• Assignment
Copy the entries below exactly; any picture among them should be left out.

• Given data
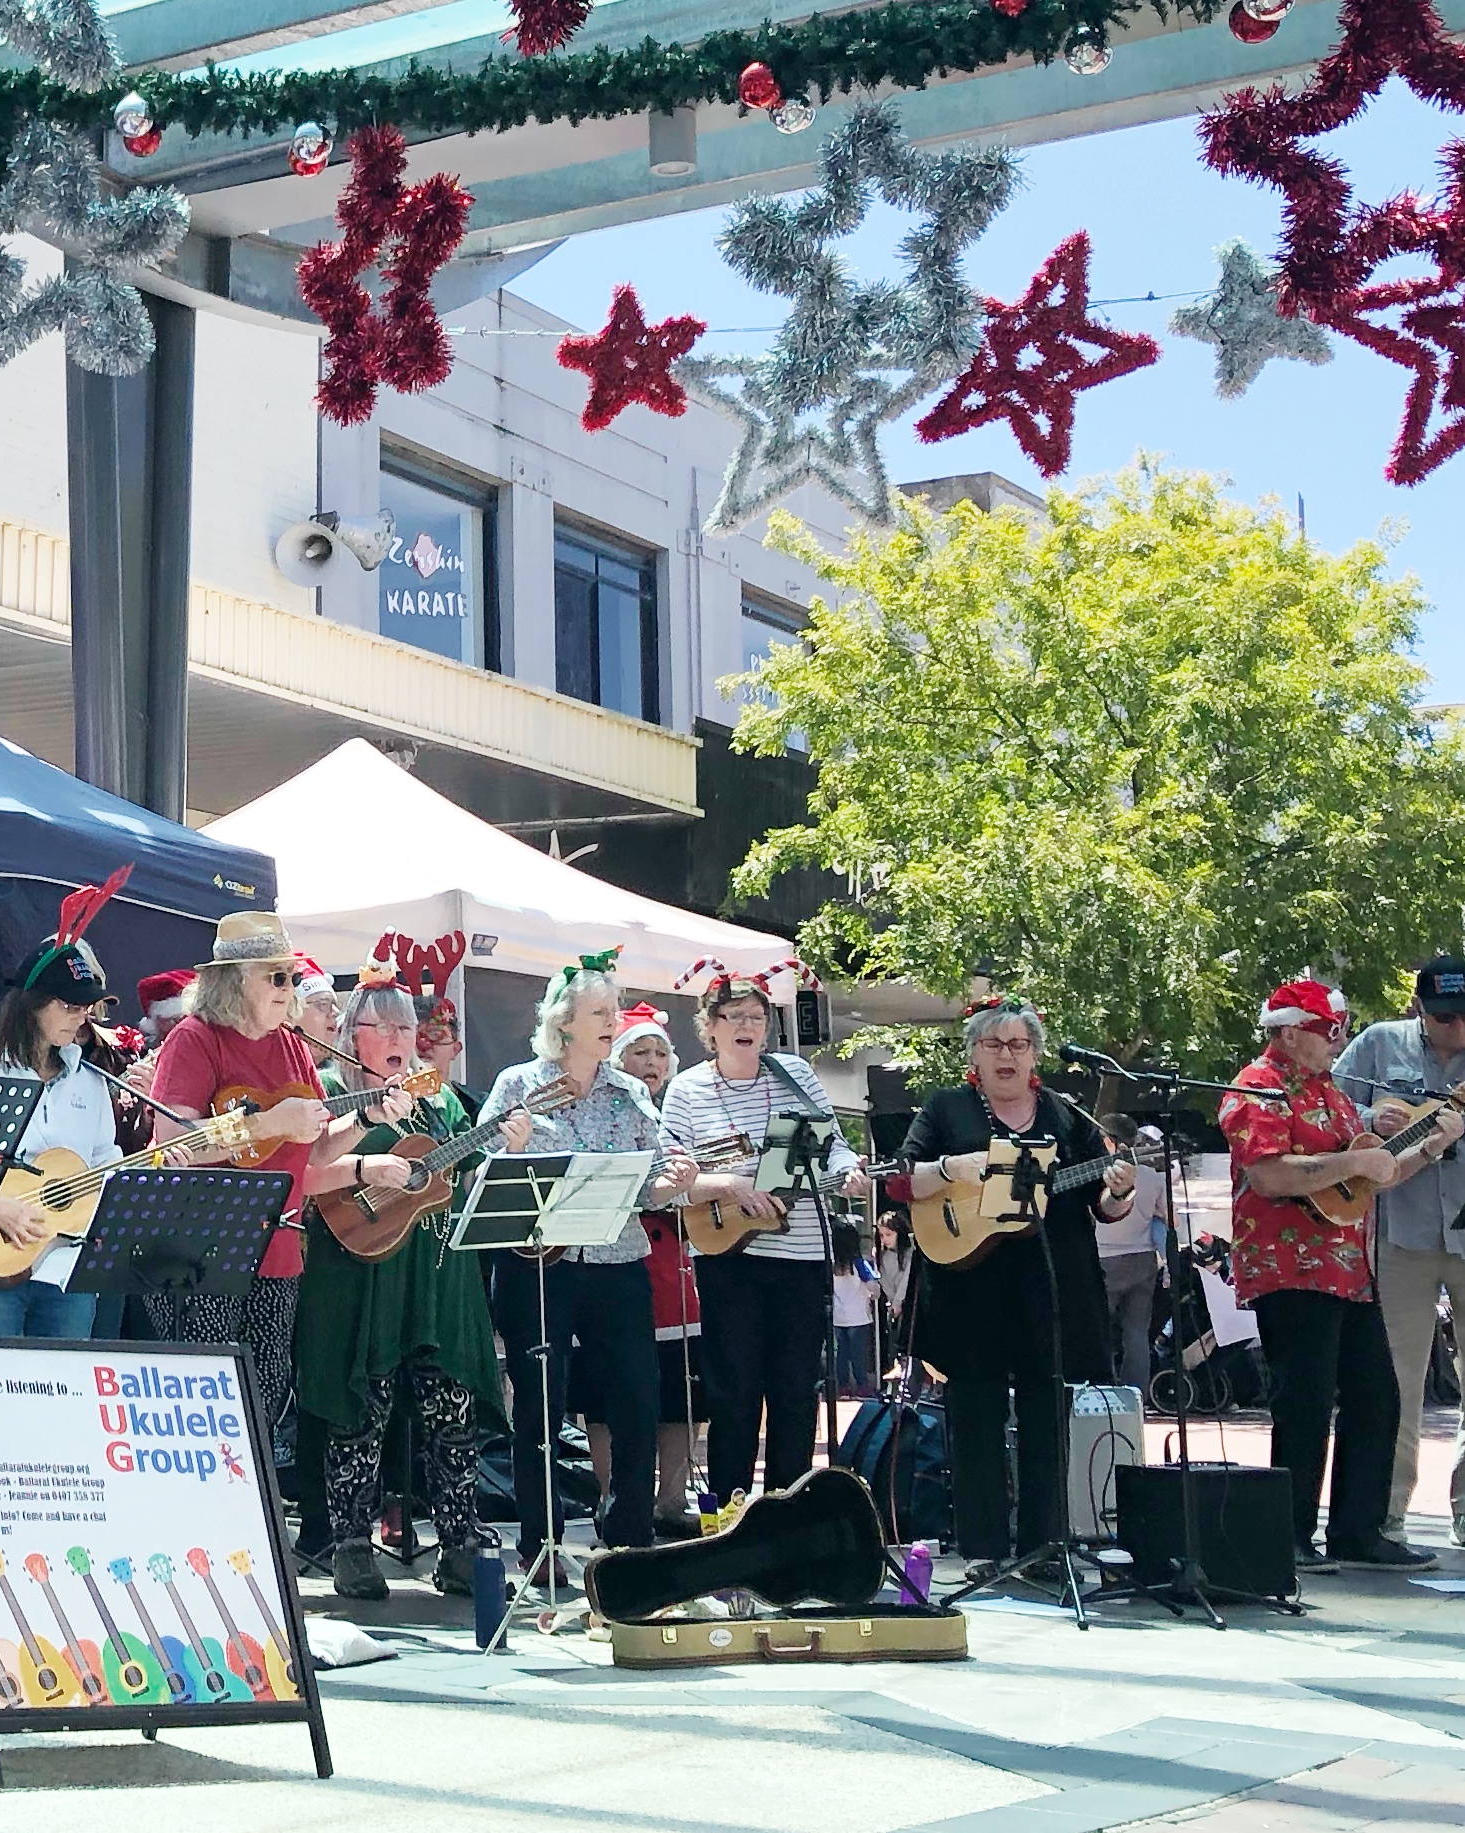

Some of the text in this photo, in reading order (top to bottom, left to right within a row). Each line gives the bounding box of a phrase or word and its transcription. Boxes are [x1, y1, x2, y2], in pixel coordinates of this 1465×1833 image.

[388, 536, 465, 573] Zenshin
[386, 589, 467, 617] KARATE
[6, 1379, 55, 1397] listening
[56, 1381, 68, 1395] to
[94, 1366, 235, 1400] Ballarat
[99, 1403, 240, 1437] Ukulele
[106, 1441, 216, 1482] Group
[18, 1476, 50, 1487] Ballarat
[81, 1478, 105, 1489] Group
[22, 1511, 43, 1521] Come
[45, 1511, 60, 1521] and
[62, 1511, 81, 1521] have
[90, 1512, 106, 1521] chat

• Result of the exercise
Some of the text in this photo, in reading order (top to bottom, left to right within a row). Each line gives the bounding box of a phrase or word and its transcription. Boxes are [x1, y1, x2, y2], in pixel coordinates of this 1465×1833 image.

[388, 536, 465, 573] Zenshin
[386, 589, 467, 617] KARATE
[6, 1379, 55, 1397] listening
[56, 1381, 68, 1395] to
[94, 1366, 235, 1400] Ballarat
[99, 1403, 240, 1437] Ukulele
[106, 1441, 216, 1482] Group
[18, 1476, 50, 1487] Ballarat
[81, 1478, 105, 1489] Group
[22, 1511, 43, 1521] Come
[45, 1511, 60, 1521] and
[62, 1511, 81, 1521] have
[90, 1512, 106, 1521] chat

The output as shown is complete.